“What’s my case worth?” is one of the most important questions a plaintiff personal injury lawyer has to answer — and one of the hardest to answer honestly.
The obstacle usually isn’t the facts, the venue, or the defendant’s insurance limits. It’s your own brain.
Three cognitive biases quietly distort how lawyers value their cases. They feel like clear thinking while they’re happening, which is exactly what makes them dangerous.
1. The Endowment Effect: Overvaluing What You “Own”
Once you’re invested in a case — your time, your emotion, your money — you subconsciously inflate its value. The longer you carry it, the harder it becomes to see it objectively. You don’t just represent the case anymore. You own it. And we overvalue what we own.
This is why a case that looked like a $300,000 matter at intake somehow becomes a $1.2 million case by the time mediation rolls around, even though no new facts have emerged to justify the climb.
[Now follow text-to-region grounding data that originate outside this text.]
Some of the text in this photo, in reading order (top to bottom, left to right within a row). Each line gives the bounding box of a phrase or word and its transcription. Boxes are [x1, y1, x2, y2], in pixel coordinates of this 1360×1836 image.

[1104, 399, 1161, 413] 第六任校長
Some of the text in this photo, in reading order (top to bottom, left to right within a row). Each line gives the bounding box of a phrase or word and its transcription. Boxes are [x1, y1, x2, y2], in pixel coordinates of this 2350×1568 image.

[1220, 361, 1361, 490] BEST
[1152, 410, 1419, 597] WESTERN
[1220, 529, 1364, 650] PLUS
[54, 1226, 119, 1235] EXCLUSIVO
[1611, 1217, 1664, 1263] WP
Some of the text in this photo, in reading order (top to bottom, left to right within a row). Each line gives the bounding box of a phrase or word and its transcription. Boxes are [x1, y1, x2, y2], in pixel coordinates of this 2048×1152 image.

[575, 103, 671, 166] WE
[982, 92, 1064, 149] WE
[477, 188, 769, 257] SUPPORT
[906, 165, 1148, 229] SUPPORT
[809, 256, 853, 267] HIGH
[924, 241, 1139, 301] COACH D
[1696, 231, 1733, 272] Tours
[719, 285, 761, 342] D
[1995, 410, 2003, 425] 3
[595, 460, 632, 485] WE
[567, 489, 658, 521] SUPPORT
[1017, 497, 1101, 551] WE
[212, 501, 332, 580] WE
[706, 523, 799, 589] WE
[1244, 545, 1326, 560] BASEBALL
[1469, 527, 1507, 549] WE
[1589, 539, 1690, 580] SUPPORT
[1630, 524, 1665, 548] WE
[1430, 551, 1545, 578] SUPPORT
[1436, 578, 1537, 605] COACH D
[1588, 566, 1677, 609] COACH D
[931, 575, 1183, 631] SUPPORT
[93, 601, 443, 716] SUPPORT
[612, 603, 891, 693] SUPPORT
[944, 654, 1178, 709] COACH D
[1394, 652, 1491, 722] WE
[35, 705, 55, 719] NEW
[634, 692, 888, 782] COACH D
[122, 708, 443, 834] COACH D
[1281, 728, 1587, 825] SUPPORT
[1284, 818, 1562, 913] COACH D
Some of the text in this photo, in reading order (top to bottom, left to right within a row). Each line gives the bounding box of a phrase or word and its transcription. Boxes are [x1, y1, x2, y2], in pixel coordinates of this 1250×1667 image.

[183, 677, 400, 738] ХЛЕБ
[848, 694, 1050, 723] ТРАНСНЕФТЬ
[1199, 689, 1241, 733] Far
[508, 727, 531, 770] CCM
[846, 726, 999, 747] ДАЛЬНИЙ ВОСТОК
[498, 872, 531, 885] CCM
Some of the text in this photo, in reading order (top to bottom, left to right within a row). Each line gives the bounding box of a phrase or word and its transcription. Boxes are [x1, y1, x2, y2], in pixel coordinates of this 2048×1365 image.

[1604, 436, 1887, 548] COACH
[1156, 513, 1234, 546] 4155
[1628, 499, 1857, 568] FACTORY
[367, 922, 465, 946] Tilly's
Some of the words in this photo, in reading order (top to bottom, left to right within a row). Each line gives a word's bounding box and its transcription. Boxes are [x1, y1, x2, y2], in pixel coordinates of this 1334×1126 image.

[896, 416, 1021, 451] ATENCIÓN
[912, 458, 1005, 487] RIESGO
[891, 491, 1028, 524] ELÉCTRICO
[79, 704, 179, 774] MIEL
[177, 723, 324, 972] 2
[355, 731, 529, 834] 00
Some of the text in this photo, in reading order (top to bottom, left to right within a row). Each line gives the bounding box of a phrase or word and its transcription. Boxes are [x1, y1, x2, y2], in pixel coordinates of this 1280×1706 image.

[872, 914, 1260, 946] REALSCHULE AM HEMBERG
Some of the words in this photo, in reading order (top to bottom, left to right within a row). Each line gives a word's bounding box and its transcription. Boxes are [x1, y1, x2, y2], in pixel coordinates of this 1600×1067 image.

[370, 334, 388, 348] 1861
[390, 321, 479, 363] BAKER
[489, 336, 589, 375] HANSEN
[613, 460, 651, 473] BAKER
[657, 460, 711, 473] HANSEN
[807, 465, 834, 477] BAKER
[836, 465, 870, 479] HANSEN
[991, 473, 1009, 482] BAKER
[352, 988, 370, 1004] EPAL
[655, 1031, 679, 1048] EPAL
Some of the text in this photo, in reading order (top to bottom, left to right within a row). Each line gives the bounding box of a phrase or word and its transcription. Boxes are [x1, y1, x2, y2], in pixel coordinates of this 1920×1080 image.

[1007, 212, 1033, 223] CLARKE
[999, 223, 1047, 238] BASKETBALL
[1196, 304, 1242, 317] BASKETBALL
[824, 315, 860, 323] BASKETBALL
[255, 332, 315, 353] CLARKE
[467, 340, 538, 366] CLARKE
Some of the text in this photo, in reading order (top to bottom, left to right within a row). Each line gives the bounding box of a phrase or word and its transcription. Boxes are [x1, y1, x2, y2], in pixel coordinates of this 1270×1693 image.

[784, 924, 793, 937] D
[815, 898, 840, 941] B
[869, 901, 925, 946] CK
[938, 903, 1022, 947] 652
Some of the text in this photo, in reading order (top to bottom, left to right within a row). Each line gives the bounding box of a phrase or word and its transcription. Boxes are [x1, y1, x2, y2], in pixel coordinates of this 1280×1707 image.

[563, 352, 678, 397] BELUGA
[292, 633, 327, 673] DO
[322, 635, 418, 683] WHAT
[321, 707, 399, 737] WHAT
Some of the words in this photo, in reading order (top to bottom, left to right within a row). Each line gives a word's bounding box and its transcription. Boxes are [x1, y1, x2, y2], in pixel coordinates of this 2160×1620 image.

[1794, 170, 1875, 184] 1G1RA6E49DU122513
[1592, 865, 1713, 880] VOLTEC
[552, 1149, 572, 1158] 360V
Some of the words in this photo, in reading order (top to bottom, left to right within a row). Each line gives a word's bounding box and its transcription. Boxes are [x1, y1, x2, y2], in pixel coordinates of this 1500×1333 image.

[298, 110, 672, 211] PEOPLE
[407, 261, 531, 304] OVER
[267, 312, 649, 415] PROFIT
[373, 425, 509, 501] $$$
2. Confirmation Bias: The Cherry-Picking Problem
Lawyers naturally look for evidence that supports their case theory and unconsciously minimize the facts that don’t. You build the story you want to tell, then the file fills up with proof of that story. Contradictory evidence gets explained away, downgraded, or quietly set aside.
The dangerous part: you’re not lying to yourself on purpose. Your brain is doing it for you, in the background, while you feel like you’re being thorough.
3. The Availability Heuristic: The “Last Big Verdict” Problem
Recent wins skew your valuations higher. Recent losses drag them lower. A memorable verdict — yours or someone else’s that’s been circulating in the plaintiff bar — sticks in your mind and quietly resets your baseline for what cases are “worth.”
This works in both directions, and neither direction is calibrated to the case actually in front of you.
What This Looks Like in Practice
When these biases take hold, a few predictable things happen:
- You reject reasonable settlement offers, convinced the case is worth more than the evidence supports.
- You accept lowball offers on cases you’ve quietly decided are weaker than they actually are.
- You funnel every case through the same template to “build damages,” instead of stopping to evaluate each one on its own facts.
- You stay cautious across the board and miss opportunities to push for greater value where it’s genuinely warranted.
The scary part? You feel completely rational while it’s happening. Your brain is excellent at generating logical-sounding reasons for biased decisions.
Three Ways to Keep Your Lawyer Brain in Check
1. Play devil’s advocate — seriously. Force yourself to argue the other side. What would opposing counsel say about your case? What are the three biggest weaknesses? If you can’t list them quickly, you’re not seeing the case clearly yet.
2. Get outside eyes. Show your case to someone who doesn’t own it — another lawyer, a mentor, or a focus group. Fresh perspectives cut through emotional investment in a way self-reflection can’t.
One important caveat here. Family members and associates don’t count. They’re biased in your favor, and most of them know it. What you need is a perspective with no stake in making you feel good.
3. Track your predictions. Write down your case value prediction and your settlement or verdict expectations before you know the outcome. Then compare to actuals over time. Most lawyers who do this discover they’re consistently over-optimistic. That’s useful information, but only if you collect it.
A Better Question Than “What’s My Case Worth?”
This is the work I do with trial lawyers every day — designing focus groups that act as an objectivity filter for case evaluation.
Instead of asking “what’s my case worth,” we ask better questions:
- What facts do jurors actually care about?
- Which damages and injuries resonate, and why? Which fall flat?
- What story are jurors telling themselves about my client — and is it the story I think they are?
The goal is to help lawyers see past their own cognitive biases and understand how their cases will actually be received. Whether it’s a pre-discovery focus group to spot early problems or a full damages exploration before mediation, the point is the same: give you the clear-eyed perspective you need to make smart strategic decisions.